Полное презрение коммунистической власти к литературному творчеству низвело советскую литературу на уровень особого рода промышленности при осуществлении «социальных заказов». Творческая фантазия регламентируется государством, темы и их разработка санкционируются и регулируются в пределах генеральной линии партии. А слышны ли с Запада негодующие протесты жрецов литературы, искусства и музыки? Находясь под неограниченной властью верховного массового обывателя, тоже безрелигиозного, тоже утилитарно настроенного, западные представители всех видов художественного творчества, сами того не сознавая, невольно выполняют социальный заказ своей социальной среды, безропотно повинуясь непререкаемым вкусам толпы, рабски следуя генеральной линии моды. В советском насилии над творческим духом есть все же стержень извращенной мистики построения земного рая; в западном же обывательском регламенте творчества нет даже этого. Советские рабы-авторы для успеха у своей власти должны проводить все-таки какую-то идею: обоготворение машинной культуры; западные же авторы, рабы безрелигиозного и безыдейного общества, лишены вообще всяких идей, снижая литературу до степени пустого развлечения, изображения половых извращений и эгоцентрических аморальных характеров.
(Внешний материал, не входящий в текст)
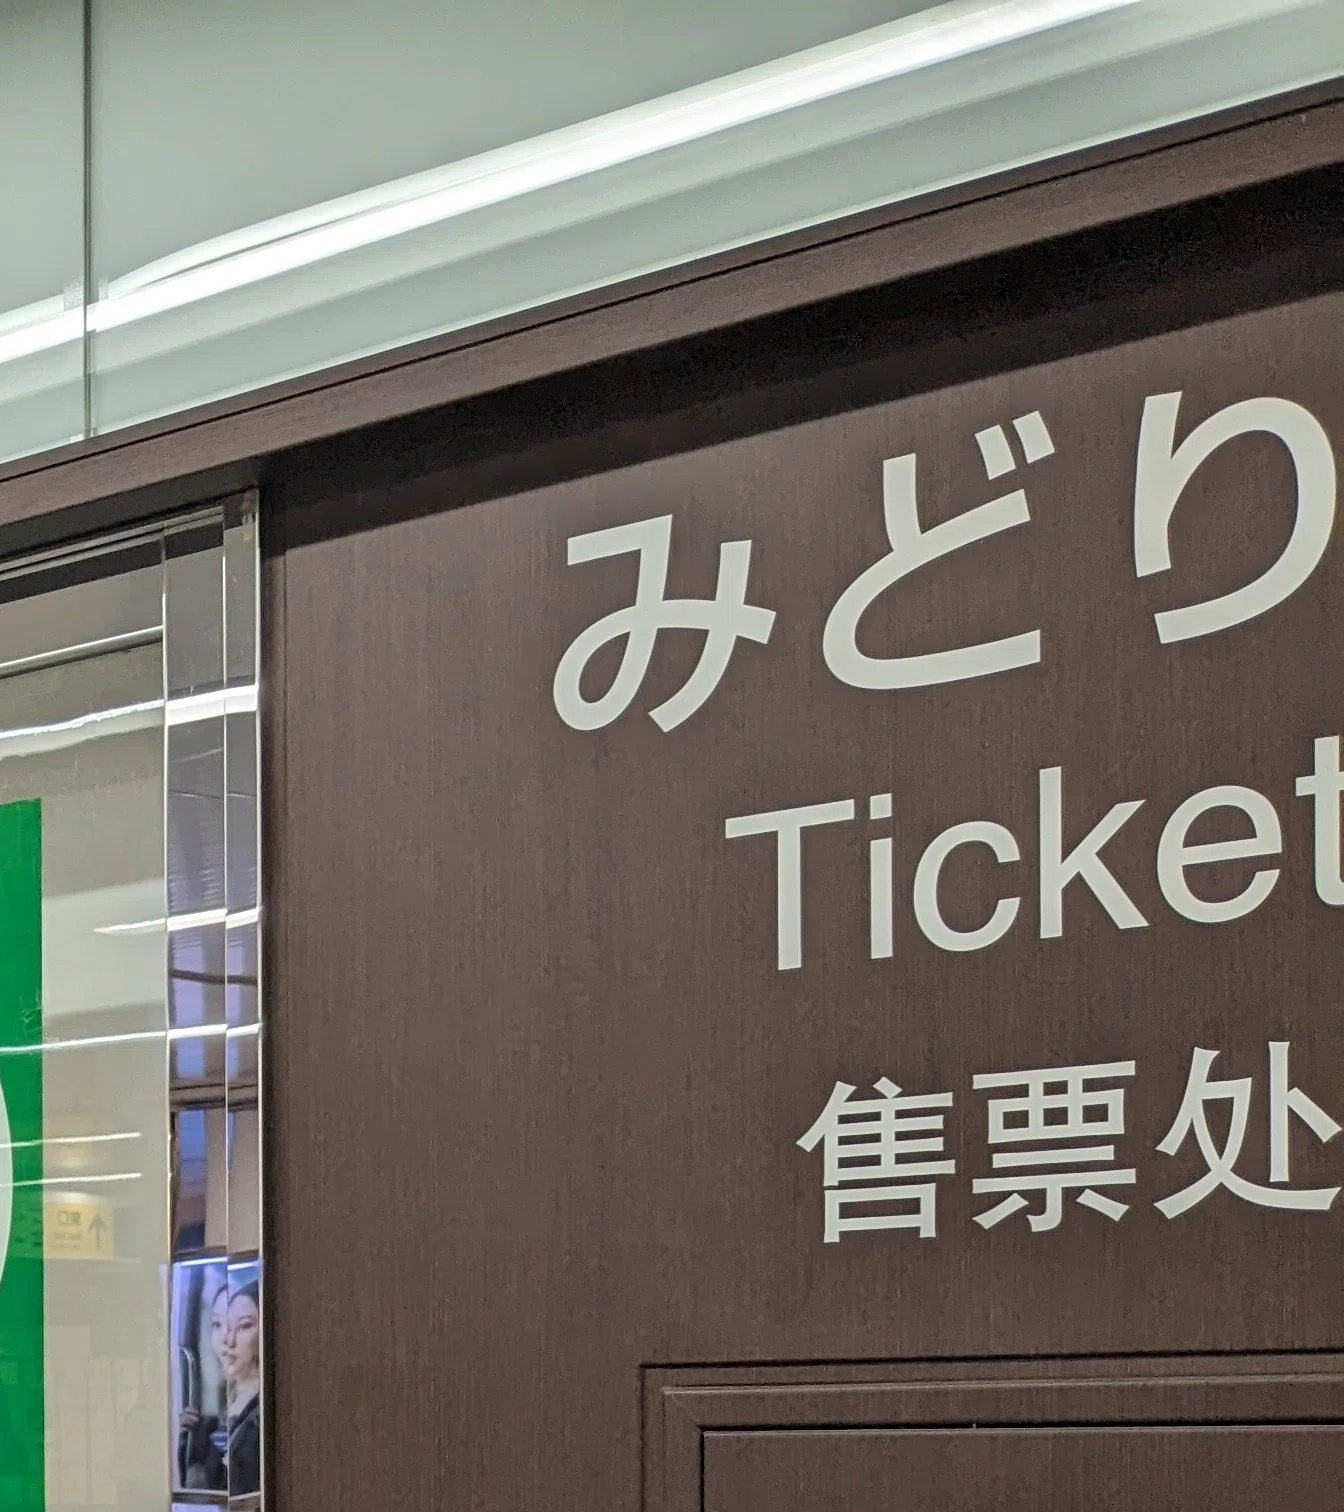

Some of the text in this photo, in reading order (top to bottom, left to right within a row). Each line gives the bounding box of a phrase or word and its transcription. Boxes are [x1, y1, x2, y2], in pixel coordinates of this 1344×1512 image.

[552, 391, 1338, 733] みどり
[725, 735, 1344, 971] Ticket
[796, 1041, 1343, 1244] 售票处
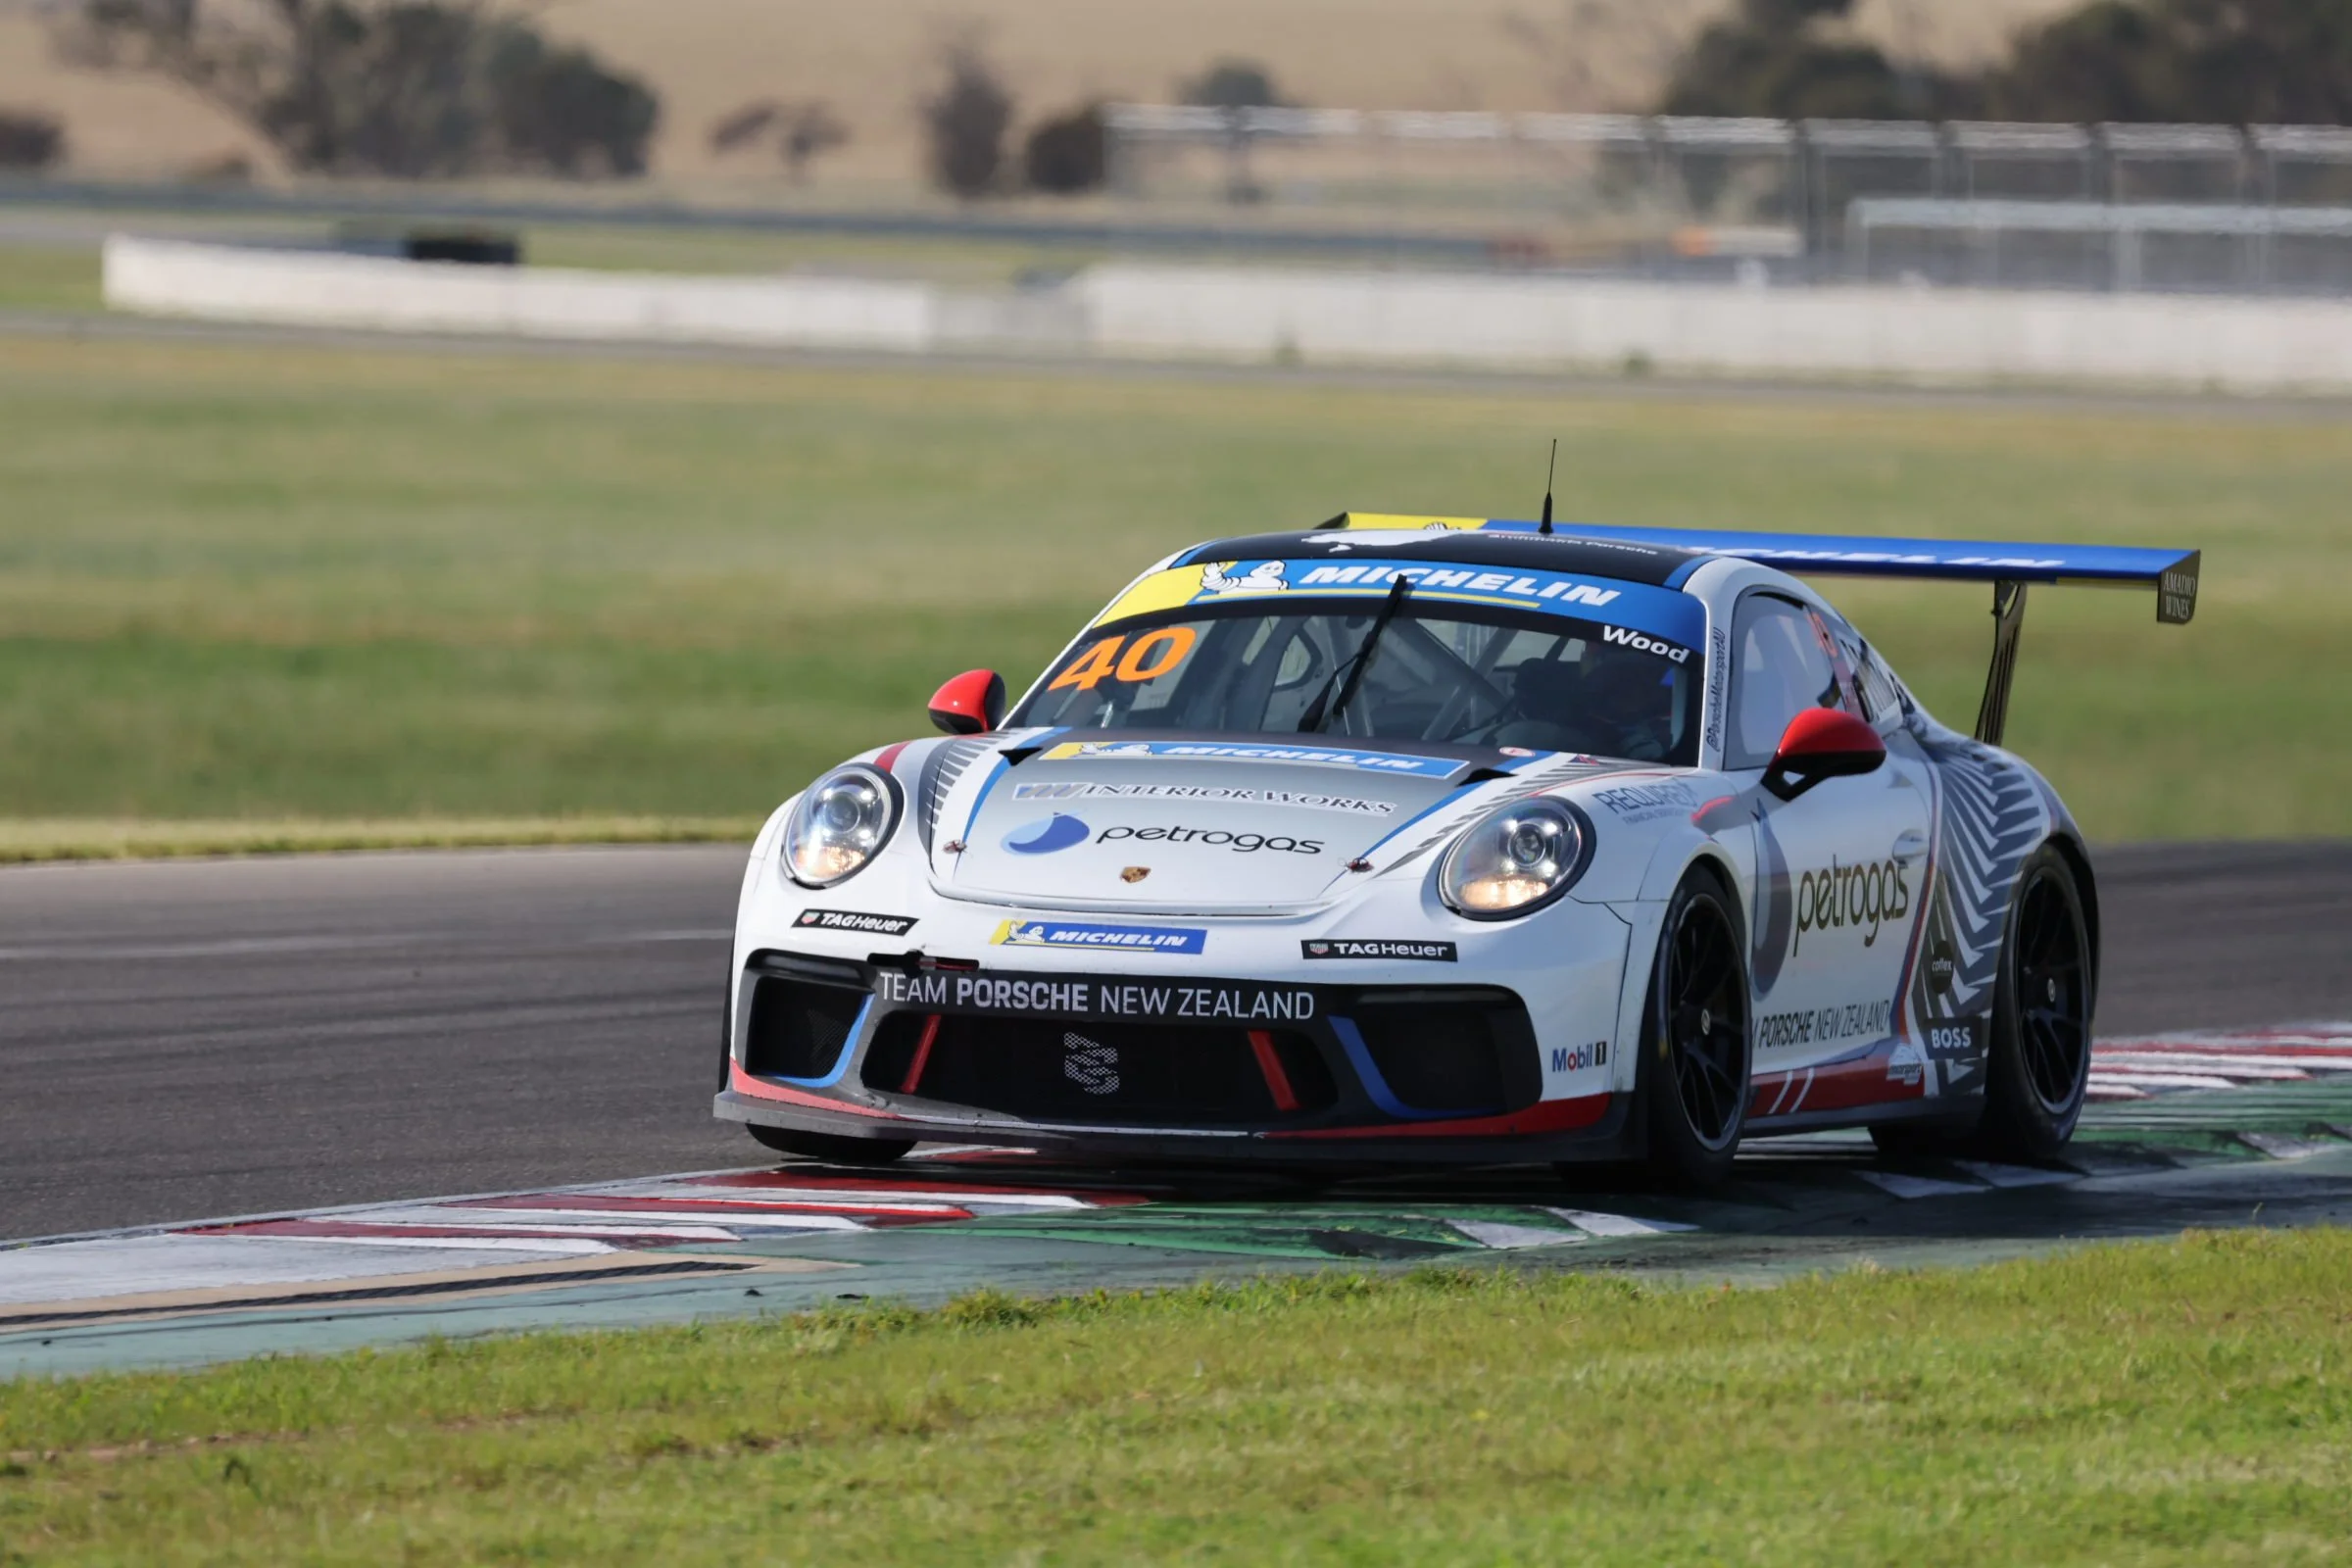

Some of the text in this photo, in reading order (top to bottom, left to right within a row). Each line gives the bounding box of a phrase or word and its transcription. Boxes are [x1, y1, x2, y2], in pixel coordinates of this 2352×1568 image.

[1298, 565, 1623, 607] MICHELIN
[2162, 571, 2196, 597] AMADIO
[2165, 594, 2191, 619] WINES
[1047, 626, 1198, 691] 40
[1602, 624, 1690, 664] Wood
[1162, 746, 1424, 769] MICHELIN
[1085, 784, 1397, 815] INTERIOR WORKS
[1096, 825, 1325, 854] petrogas
[1792, 854, 1909, 958] petrogas
[1050, 931, 1188, 947] MICHELIN
[880, 971, 1315, 1021] TEAM PORSCHE NEW ZEALAND
[1759, 1010, 1814, 1049] PORSCHE
[1814, 1007, 1842, 1041] NEW
[1841, 1000, 1889, 1036] ZEALAND
[1931, 1027, 1972, 1049] BOSS
[1552, 1041, 1607, 1073] Mobil 1
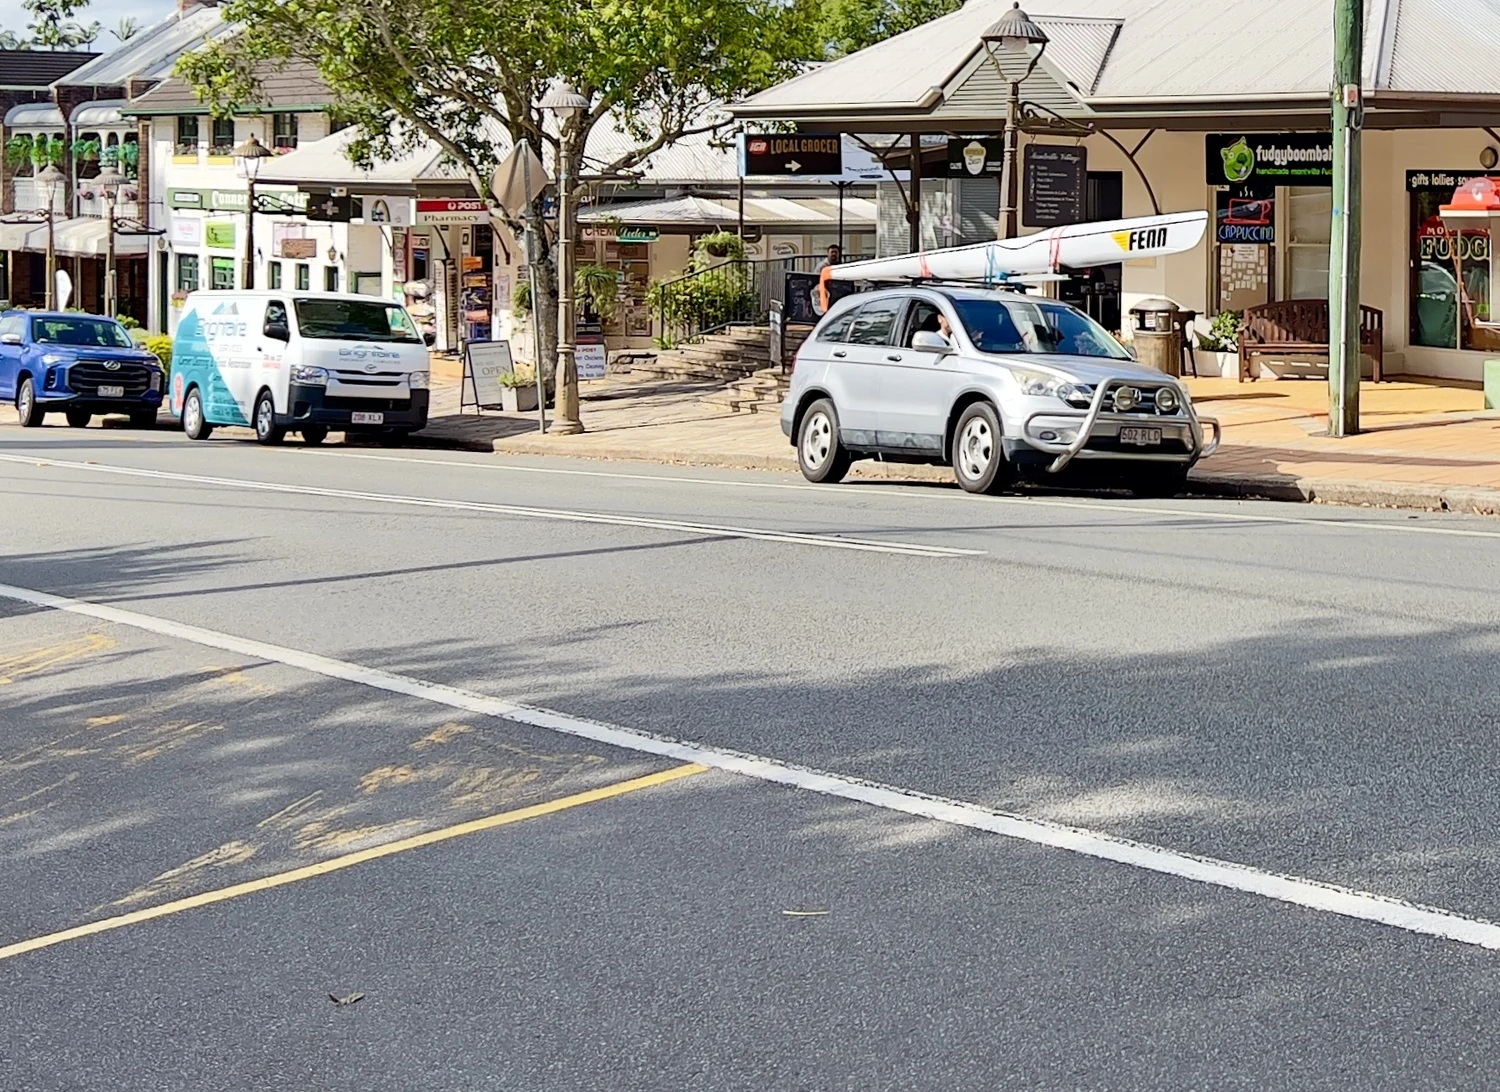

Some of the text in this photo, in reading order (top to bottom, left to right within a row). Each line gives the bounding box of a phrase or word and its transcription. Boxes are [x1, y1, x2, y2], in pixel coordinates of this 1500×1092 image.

[770, 139, 800, 155] LOCAL
[801, 138, 838, 154] GROCER
[1256, 144, 1333, 166] fudgyboombah
[1412, 173, 1429, 188] gifts
[1431, 173, 1455, 186] lollies
[457, 201, 482, 210] POST
[423, 214, 480, 224] Pharmacy
[1128, 227, 1168, 251] FENN
[1218, 224, 1274, 242] CAPPUCCINO
[1420, 235, 1490, 261] FUDG
[481, 365, 510, 377] OPEN
Большую роль в психологической большевизации Запада сыграл, помимо общего падения вкусов и нравов, чрезмерно-развитый профессионализм в различных областях духовной культуры. Начиная со священнослужителей и кончая барабанщиком в оркестре джаза, подавляющее большинство смотрит на свою специальность не как на призвание, не как на выполнение нравственного долга, не как на священное умножение таланта, свыше полученного в дар, а просто как на выгодное устройство карьеры, как на средство к достижению материального благополучия и к удовлетворению тщеславия.
Начинающий свою деятельность на этих практических основах священнослужитель пользуется Господом Богом, как трамплином для прыжка в разряд высшей иерархии своего исповедания; его молитвы перед престолом Всевышнего – декламация, его поучительные слова перед паствой – ораторские упражнения. От частого механического соприкосновения с Богом душа его натирает об Бога мозоль и окончательно перестает ощущать Его присутствие в мире. И пастырская деятельность его из конфессиональной превращается в профессиональную.
Точно такая же картина наблюдается и в области художественного творчества. Профессионализм, основанный только на претензии, а не на даровании, вытекающий не из способности к вдохновению, а из призывов тщеславия, производит огромные кадры дельцов, смотрящих на свою деятельность не как на священную жертву Аполлону, а как на статью дохода жреца; дельцов, прислушивающихся не к звукам небес, а к отзывам публики, стремящихся к общению не с музами, а с литературными и художественными критиками. Общность их интересов создает не своего рода эстетическую Церковь, в которой общаются они во имя красоты бытия, а образуют кружковщину, в которой каждый кадит всем во имя личного блага. И какое количество бесталанных, ненужных! Вокруг – перепроизводство ремесленных ценностей, целый паноптикум странных произведений, имеющих не законченный вид организмов, а бесформенных чудищ: картины, скульптуры, партитуры, романы… И какая злоба к соперникам! Зависть в каждом взоре. И при непризнании – как оскорбленное самолюбие драпируется в презрение к толпе, хотя эта толпа и есть их единственный Бог!